**PROBLEM STATEMENT**
Please transcribe all of the entries exactly, leaving out any images.

Dataset entries

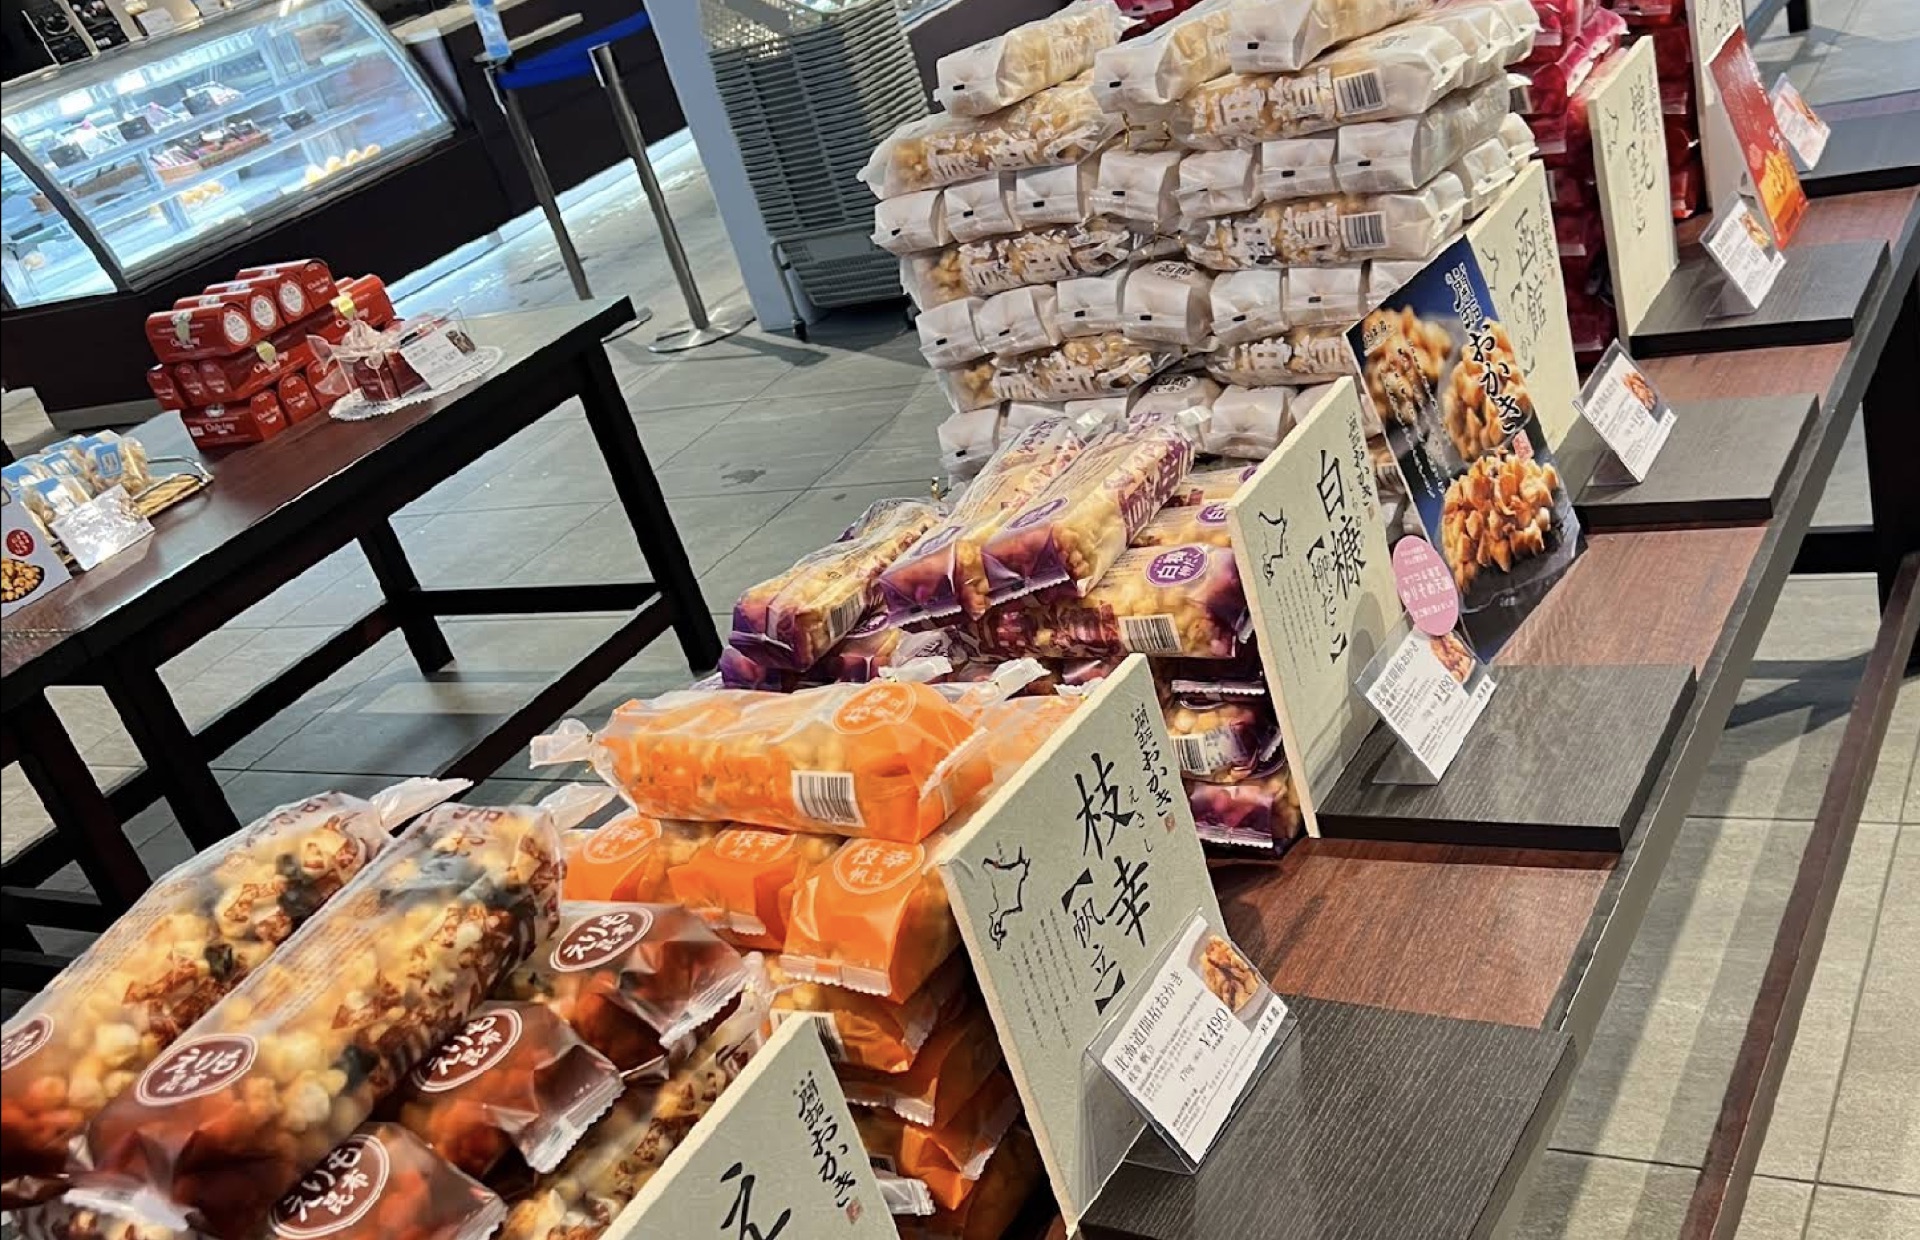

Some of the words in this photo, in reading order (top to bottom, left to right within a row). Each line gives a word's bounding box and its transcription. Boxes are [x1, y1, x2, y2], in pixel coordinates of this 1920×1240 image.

[1074, 752, 1151, 949] 枝幸
[562, 913, 630, 961] えりも
[427, 1015, 498, 1077] えりも
[1113, 970, 1184, 1073] 北海道開拓おかき
[282, 1146, 362, 1223] えりも
[323, 1168, 370, 1216] 昆布
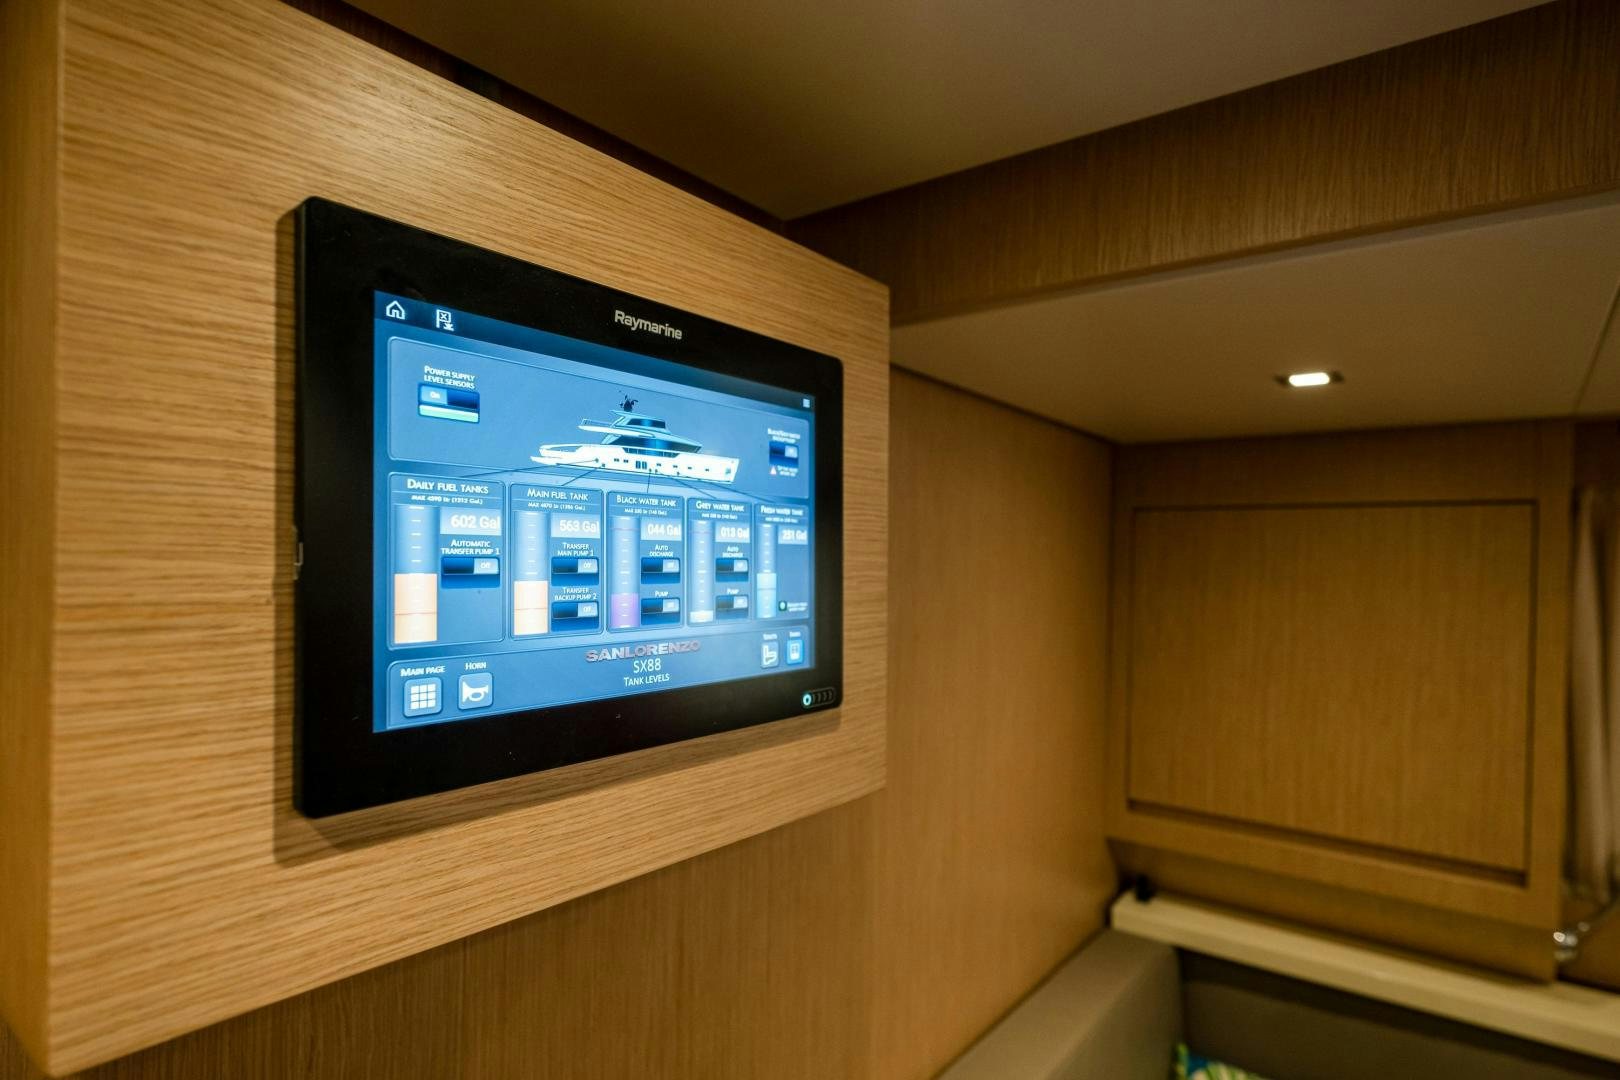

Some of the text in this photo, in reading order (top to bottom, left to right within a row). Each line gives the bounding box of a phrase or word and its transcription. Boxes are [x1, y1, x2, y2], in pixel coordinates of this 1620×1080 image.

[614, 309, 683, 340] Raymarine
[423, 365, 476, 381] POWER SUPPLY
[423, 374, 475, 390] LEVEL SENSORS
[407, 478, 489, 494] DAILY FUEL TANKS
[527, 488, 589, 501] MAIN FUEL TANK
[616, 494, 677, 507] BLACK WATER TANK
[695, 500, 745, 512] GREY WATER TANK
[450, 514, 501, 530] 602 Gal
[559, 519, 600, 533] 563 Gal
[647, 523, 682, 537] 044 Gal
[450, 539, 491, 547] AUTOMATIC
[562, 542, 590, 550] TRANSFER
[441, 547, 474, 555] TRANSFER
[495, 547, 500, 555] 1
[576, 593, 592, 601] PUMP
[592, 592, 597, 600] 2
[585, 639, 702, 663] SANLORENZO
[400, 666, 446, 677] MAIN PAGE
[464, 662, 487, 671] HORN
[633, 658, 662, 674] SX88
[623, 673, 671, 687] TANK LEVELS

**SOLUTION FOR THIS PROBLEM**
Some of the words in this photo, in reading order (top to bottom, left to right within a row). Each line gives a word's bounding box and its transcription. Boxes are [x1, y1, x2, y2], in pixel coordinates of this 1920×1240 image.

[1074, 752, 1151, 949] 枝幸
[562, 913, 630, 961] えりも
[427, 1015, 498, 1077] えりも
[1113, 970, 1184, 1073] 北海道開拓おかき
[282, 1146, 362, 1223] えりも
[323, 1168, 370, 1216] 昆布

Some of the text in this photo, in reading order (top to bottom, left to right within a row). Each line gives the bounding box of a phrase or word and its transcription. Boxes are [x1, y1, x2, y2], in pixel coordinates of this 1620×1080 image.

[614, 309, 683, 340] Raymarine
[423, 365, 476, 381] POWER SUPPLY
[423, 374, 475, 390] LEVEL SENSORS
[407, 478, 489, 494] DAILY FUEL TANKS
[527, 488, 589, 501] MAIN FUEL TANK
[616, 494, 677, 507] BLACK WATER TANK
[695, 500, 745, 512] GREY WATER TANK
[450, 514, 501, 530] 602 Gal
[559, 519, 600, 533] 563 Gal
[647, 523, 682, 537] 044 Gal
[450, 539, 491, 547] AUTOMATIC
[562, 542, 590, 550] TRANSFER
[441, 547, 474, 555] TRANSFER
[495, 547, 500, 555] 1
[576, 593, 592, 601] PUMP
[592, 592, 597, 600] 2
[585, 639, 702, 663] SANLORENZO
[400, 666, 446, 677] MAIN PAGE
[464, 662, 487, 671] HORN
[633, 658, 662, 674] SX88
[623, 673, 671, 687] TANK LEVELS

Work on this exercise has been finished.